2. Non-binding Advisory Vote to Approve the Compensation of the Company's Named Executive Officers
Alexandria's stockholders voted, on a non-binding, advisory basis, to approve the compensation of its named executive officers, as disclosed in Alexandria's 2023 Proxy Statement. 132,368,176 votes were cast "for" the approval, 21,781,930 votes were cast "against" the approval, and 43,158 votes abstained. Additionally, there were 3,284,607 broker non-votes for this proposal.


3. Non-binding Advisory Vote to Approve the Frequency of Future Non-binding, Advisory Stockholder Votes on the Compensation of the Company's Named Executive Officers

Alexandria's stockholders voted upon, on a non-binding, advisory basis, the frequency of the future non-binding, advisory stockholder votes on the compensation of the Company's named executive officers, as disclosed in Alexandria's 2023 Proxy Statement. 150,051,050 votes were cast for "one year," 14,455 votes were cast for "two years," 4,100,706 votes were cast for "three years," and 27,053 votes abstained. Additionally, there were 3,284,607 broker non-votes for this proposal.

The results of stockholder vote with respect to the frequency of the advisory vote on executive compensation were consistent with the recommendation of Alexandria's Board of Directors that such vote to be held every year. Accordingly, the Company will hold an annual advisory say-on-pay vote until the next required vote on the frequency of stockholder votes on the compensation of executives.


4. Ratification of Appointment of Independent Public Registered Accountants
Alexandria's stockholders voted to ratify the appointment of Ernst & Young LLP as Alexandria's independent registered public accountants for the fiscal year ending December 31, 2023. 148,736,689 votes were cast "for" the ratification, 8,680,887 votes were cast "against" the ratification, and 60,295 votes abstained.
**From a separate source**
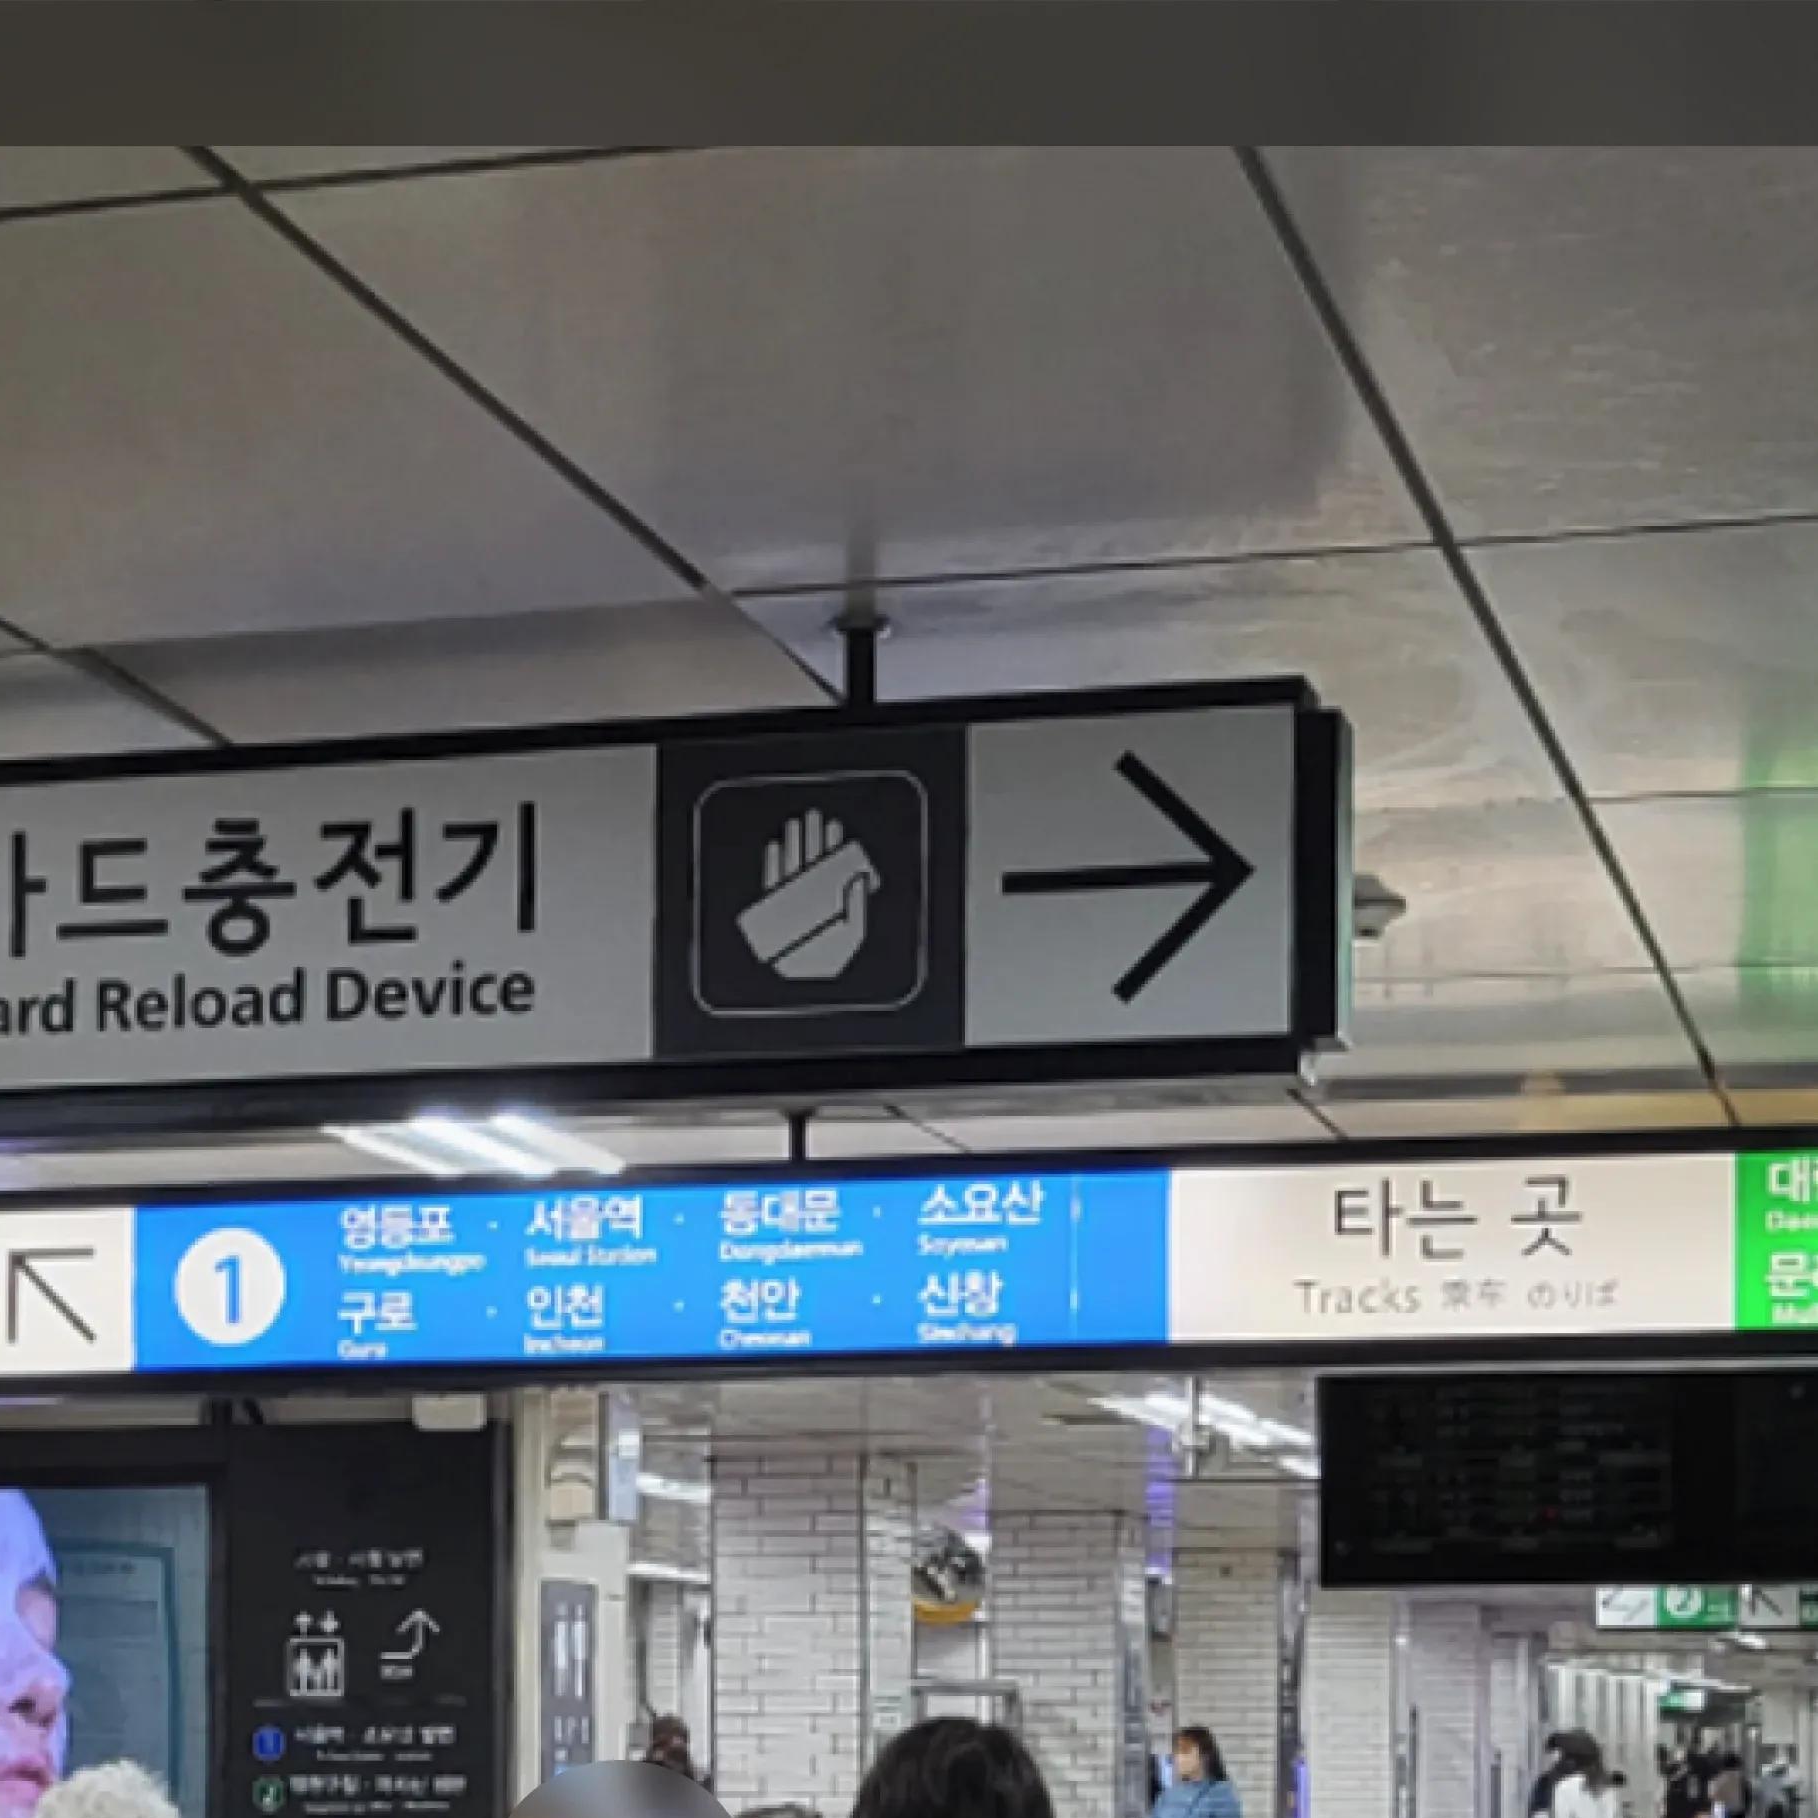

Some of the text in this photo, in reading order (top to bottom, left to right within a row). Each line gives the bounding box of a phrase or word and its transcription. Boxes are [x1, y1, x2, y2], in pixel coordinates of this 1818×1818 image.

There were no broker non-votes for this proposal.




Item 9.01 Financial Statements and Exhibits.

(d) Exhibits
Exhibit
Number
Exhibit Title
104 Cover Page Interactive Data File (embedded within the Inline XBRL document)

SIGNATURES

Pursuant to the requirements of the Securities Exchange Act of 1934, the registrant has duly caused this report to be signed on its behalf by the undersigned hereunto duly authorized.
ALEXANDRIA REAL ESTATE EQUITIES, INC.